= Beginning of Section =
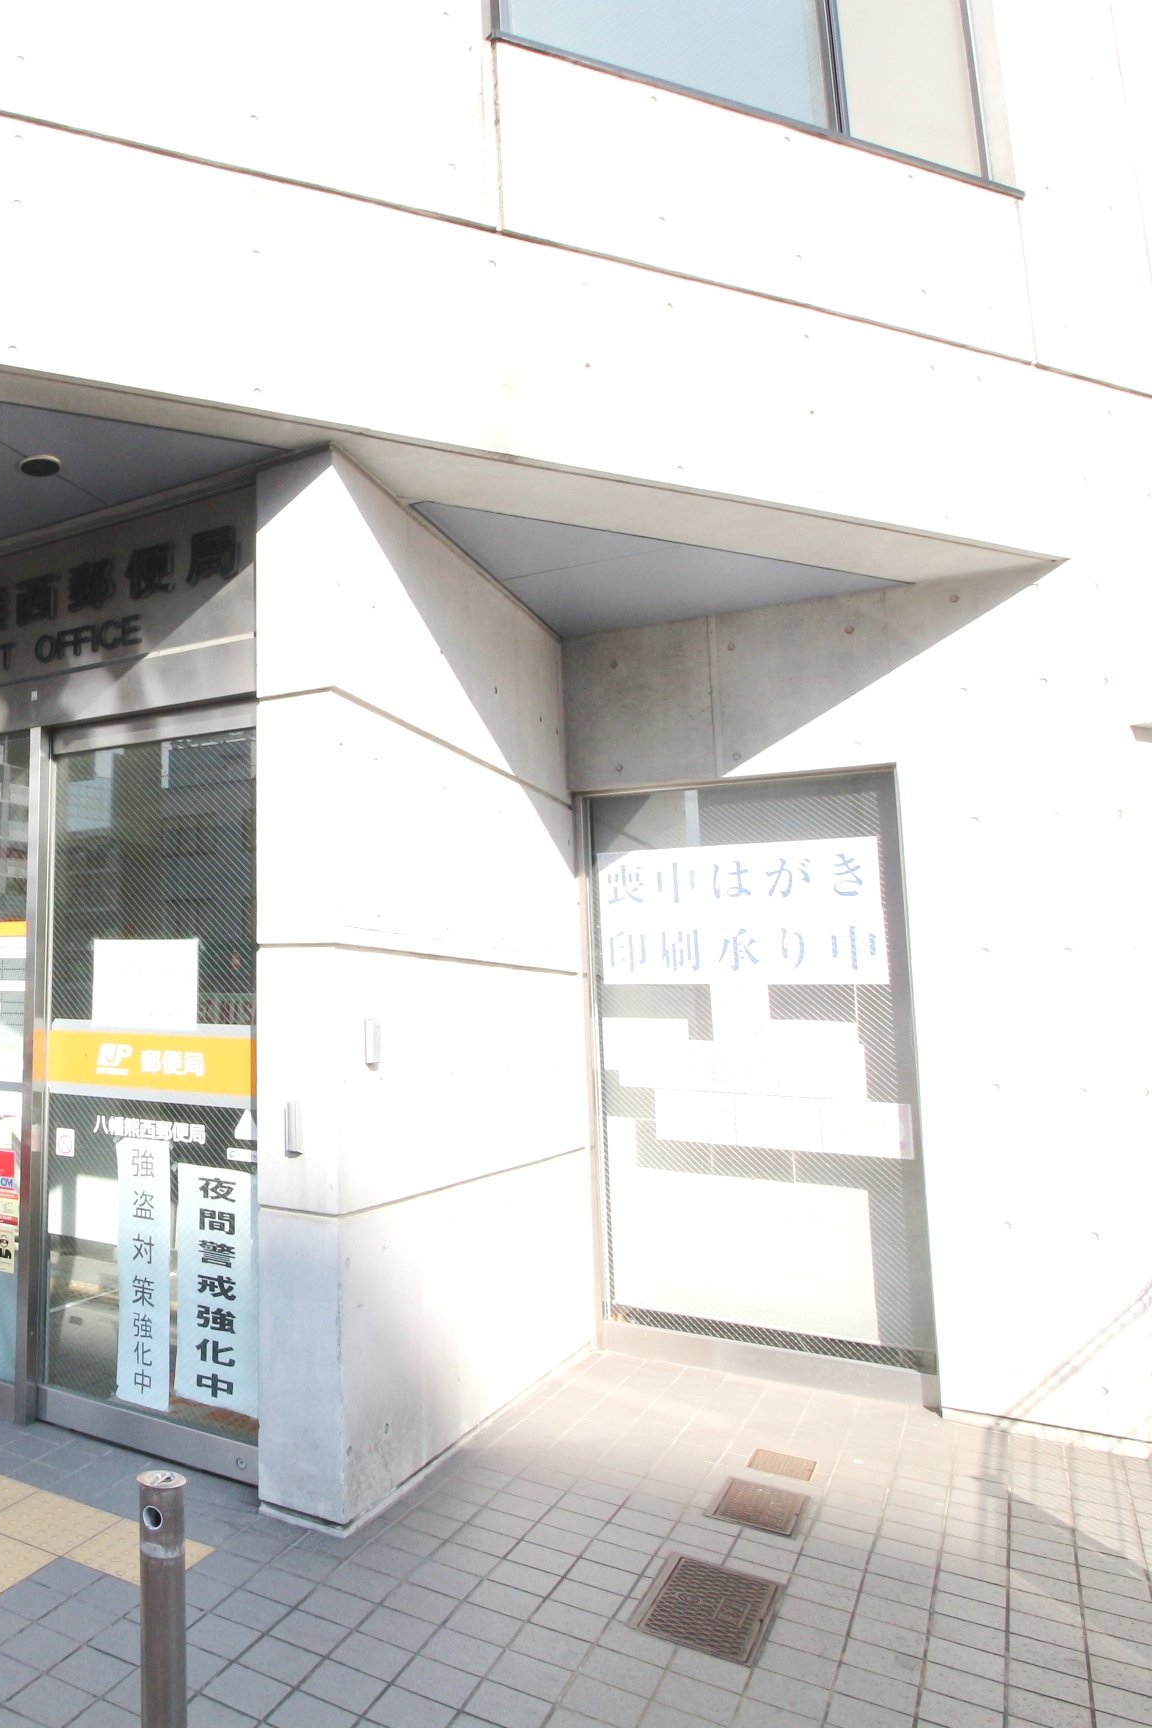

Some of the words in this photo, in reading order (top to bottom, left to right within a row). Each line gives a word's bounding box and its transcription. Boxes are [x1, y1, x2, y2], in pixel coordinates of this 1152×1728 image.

[34, 615, 143, 664] OFFICE
[607, 853, 863, 905] 喪中はがき
[607, 925, 877, 972] 印刷承り中
[140, 1050, 204, 1077] 郵便局
[93, 1114, 206, 1145] 八幡熊西郵便局
[131, 1148, 155, 1396] 強盗対策強化中
[195, 1176, 237, 1398] 夜間警戒強化中
= End of Section =
▶ **DIRECTIONS**:
Omit the pictures; restate every entry word for word.

▶ **OUTPUT**:
Some of the words in this photo, in reading order (top to bottom, left to right within a row). Each line gives a word's bounding box and its transcription. Boxes are [x1, y1, x2, y2], in pixel coordinates of this 1152×1728 image.

[34, 615, 143, 664] OFFICE
[607, 853, 863, 905] 喪中はがき
[607, 925, 877, 972] 印刷承り中
[140, 1050, 204, 1077] 郵便局
[93, 1114, 206, 1145] 八幡熊西郵便局
[131, 1148, 155, 1396] 強盗対策強化中
[195, 1176, 237, 1398] 夜間警戒強化中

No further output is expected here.